Allergic reactions: dermatitis, skin rash, itch, arthralgia, fever, anaphylaxis.

Others: hyperuricemia, exacerbation of gout.

Pyridoxine hydrochloride. Allergic reactions, hypersecretion of hydrochloric acid, numbness, emergence of feeling of a prelum in extremities - a symptom of "stockings" and "gloves", it is rare - skin rash, a skin itch.

Treatment of patients with multicomponent drug reduces a pill burden on the patient by 3 times that promotes improvement of portability of drugs.


Interaction with other medicines:

Reception of an isoniazid, rifampicin, Ethambutolum and, especially, Pyrazinamidum in the combined dosage form considerably increases antimicrobic activity concerning MBT.

Rifampicin induces some enzymes of system R-450 cytochrome, accelerating metabolism of Prednisolonum, Phenytoinum, quinidine, peroral anticoagulants, hormonal contraceptives, antifungal drugs, Cimetidinum, cyclosporine A. The isoniazid reduces communication of rifampicin with proteins of plasma, Pyrazinamidum slows down rifampicin excretion. P-aminosalicylic acid (PASK) worsens rifampicin absorption. Reception of rifampicin with lomefloksatsiny and ofloksatsiny leads to decrease in antimicrobic activity of these combinations concerning MBT.

Antacids, opiodny analgetics reduce bioavailability of rifampicin.

Isoniazid. MAO inhibitors increase risk of development of side effects from TsNS, CCC.

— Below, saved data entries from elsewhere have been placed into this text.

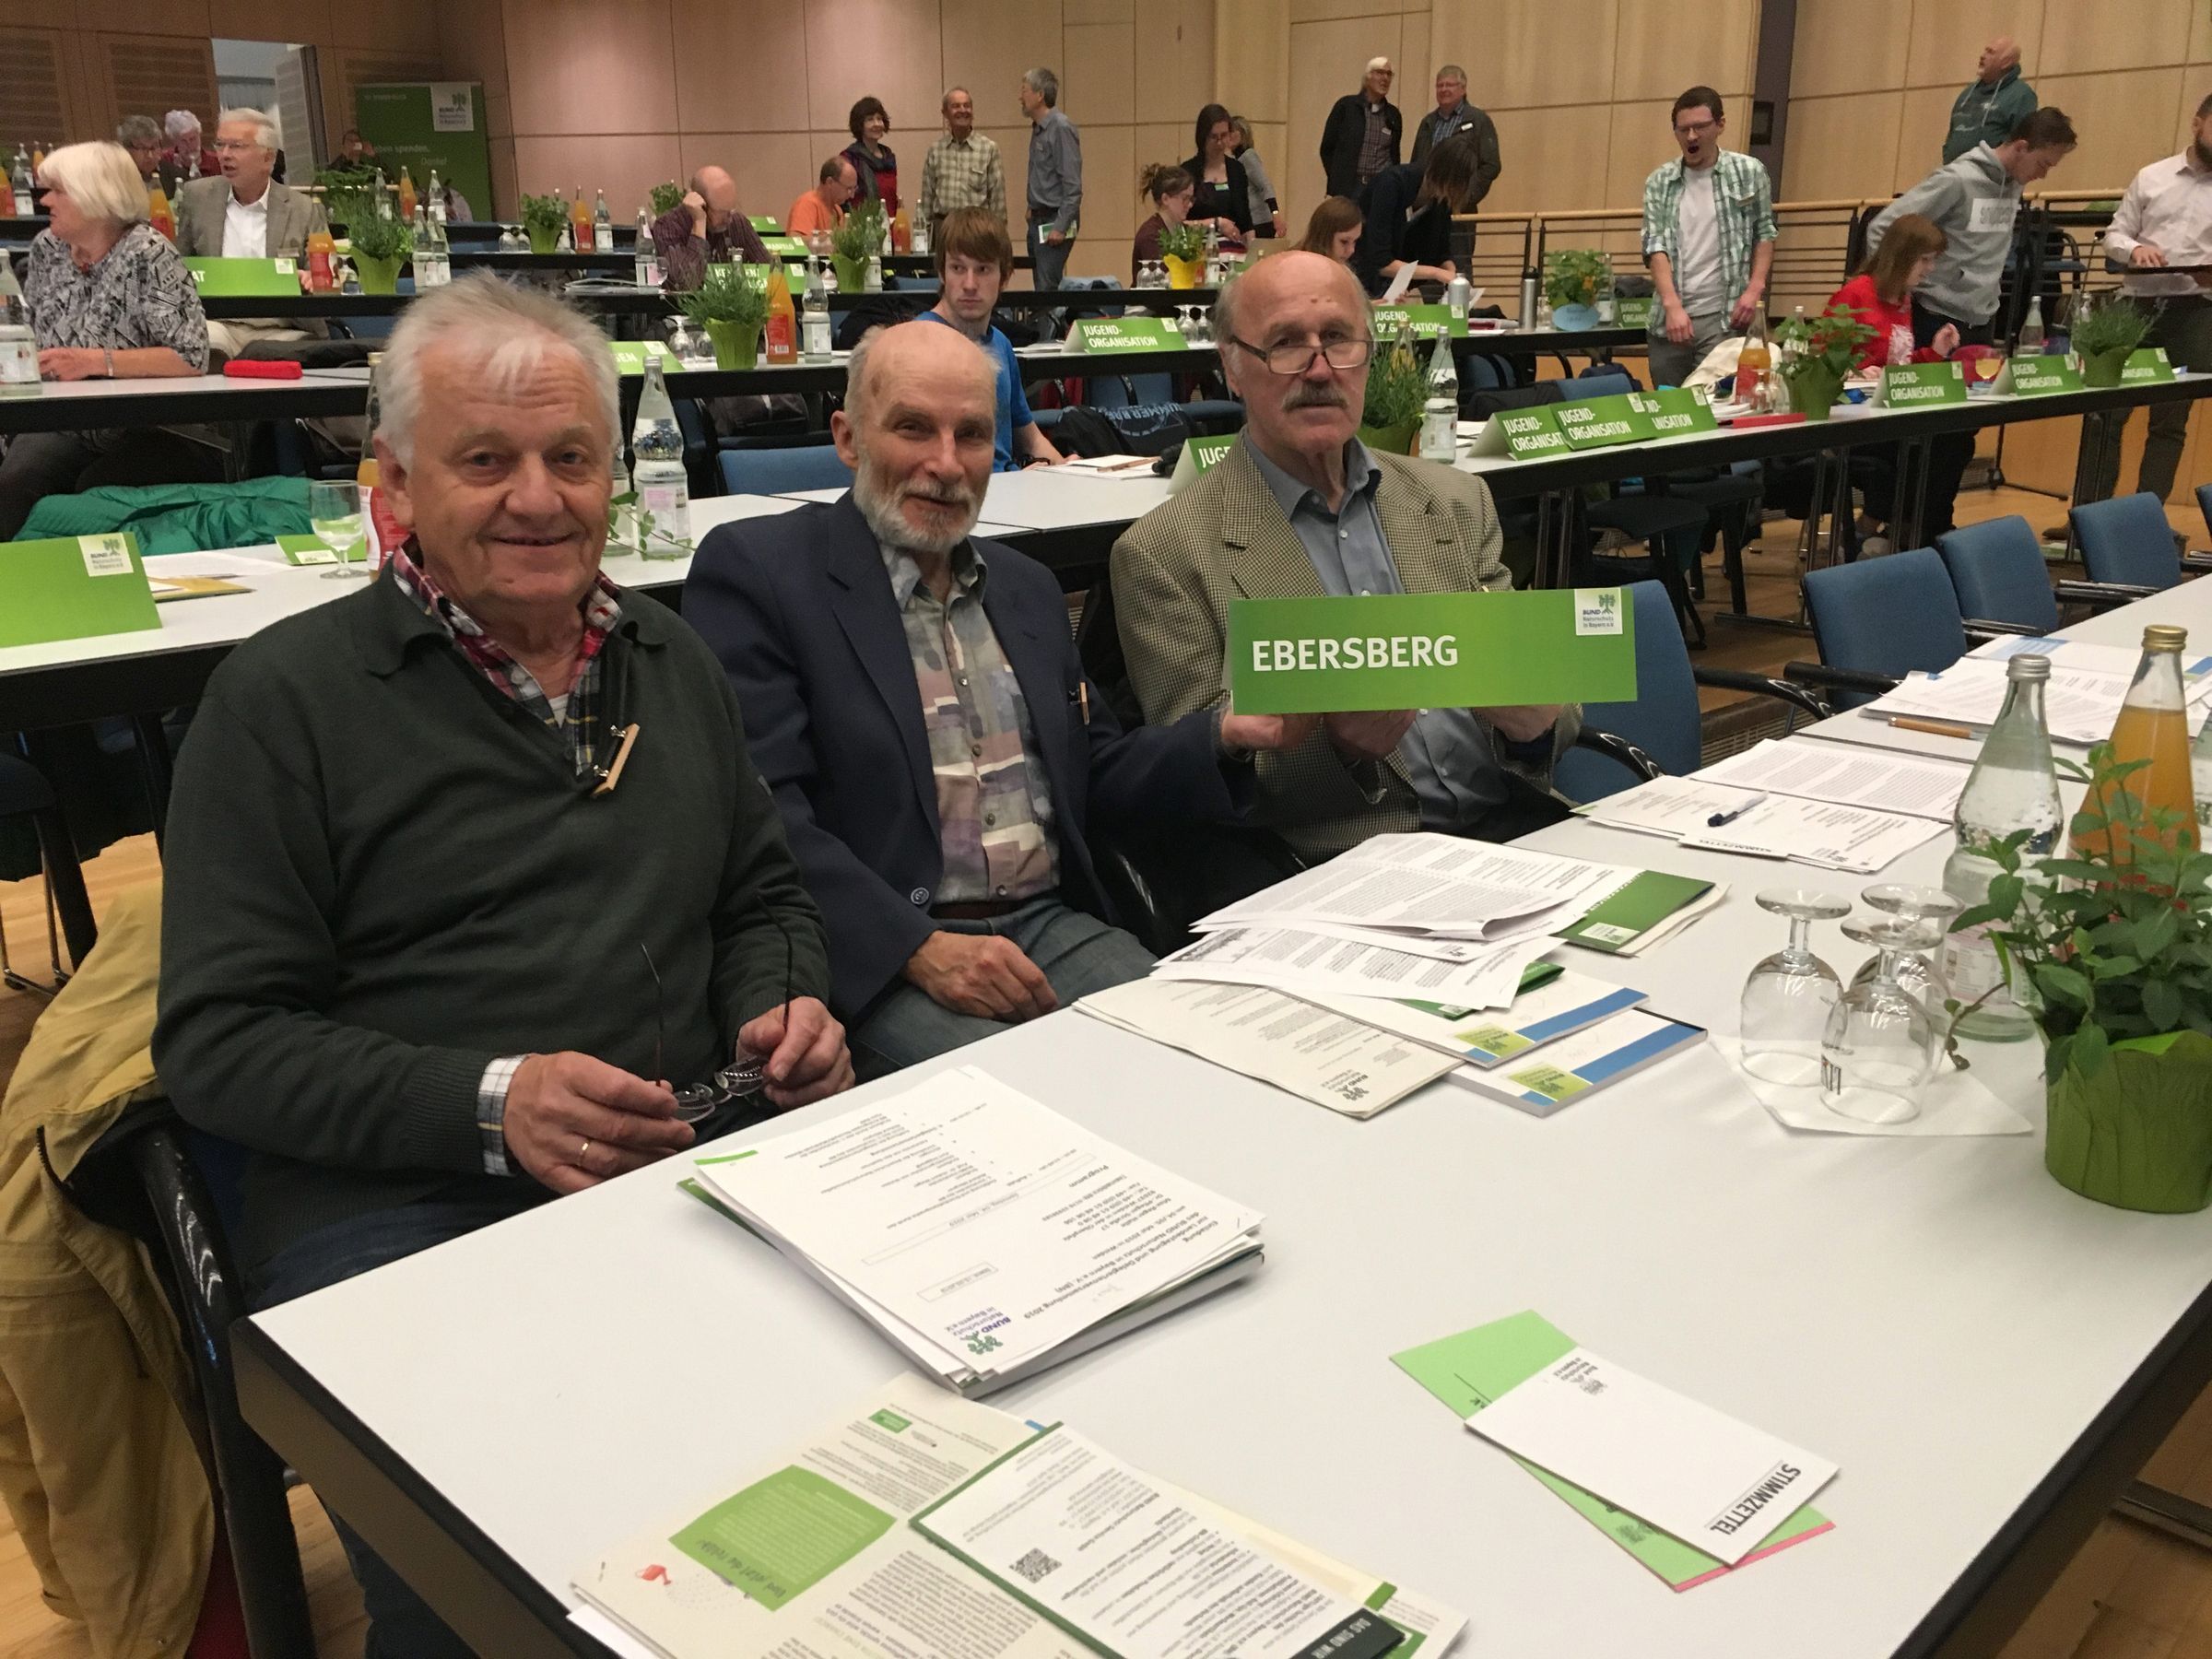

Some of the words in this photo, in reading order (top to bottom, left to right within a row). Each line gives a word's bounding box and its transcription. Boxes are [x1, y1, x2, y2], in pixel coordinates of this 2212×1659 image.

[1375, 312, 1411, 323] JUGEND-
[1083, 324, 1123, 336] JUGEND-
[1376, 323, 1440, 334] OGSATION
[1088, 335, 1159, 347] ORGANISATION
[1889, 371, 1920, 386] JUGEND-
[2016, 376, 2063, 390] ORGANISATION
[1890, 385, 1945, 400] ORGANISATION
[1558, 407, 1595, 425] JUGEND-
[1502, 417, 1543, 436] JUGEND-
[1569, 420, 1632, 441] ORGANISATION
[1512, 431, 1565, 452] ORGANISAT
[1253, 635, 1458, 672] EBERSBERG
[1067, 1163, 1110, 1188] Programm
[957, 1310, 988, 1325] Bayern
[1023, 1305, 1044, 1319] 2019
[951, 1309, 1004, 1336] Naturschutz
[980, 1315, 1011, 1333] BUND
[1709, 1463, 1801, 1535] STIMMZETTEL
[1347, 1617, 1371, 1633] DAS
[1328, 1628, 1355, 1647] SIND
[1311, 1643, 1335, 1659] WIR

The pyridoxine, glutaminic acid reduce risk of development of side effects of an isoniazid. Joint reception of an isoniazid and Cycloserinum increases risk of development of neurotoxic side effects.

Pyrazinamidum. Pyrazinamidum increases concentration of an isoniazid and rifampicin in blood serum, slowing down their excretion. At reception of rifampicin together with Pyrazinamidum the risk of development of hepatotoxic reactions increases.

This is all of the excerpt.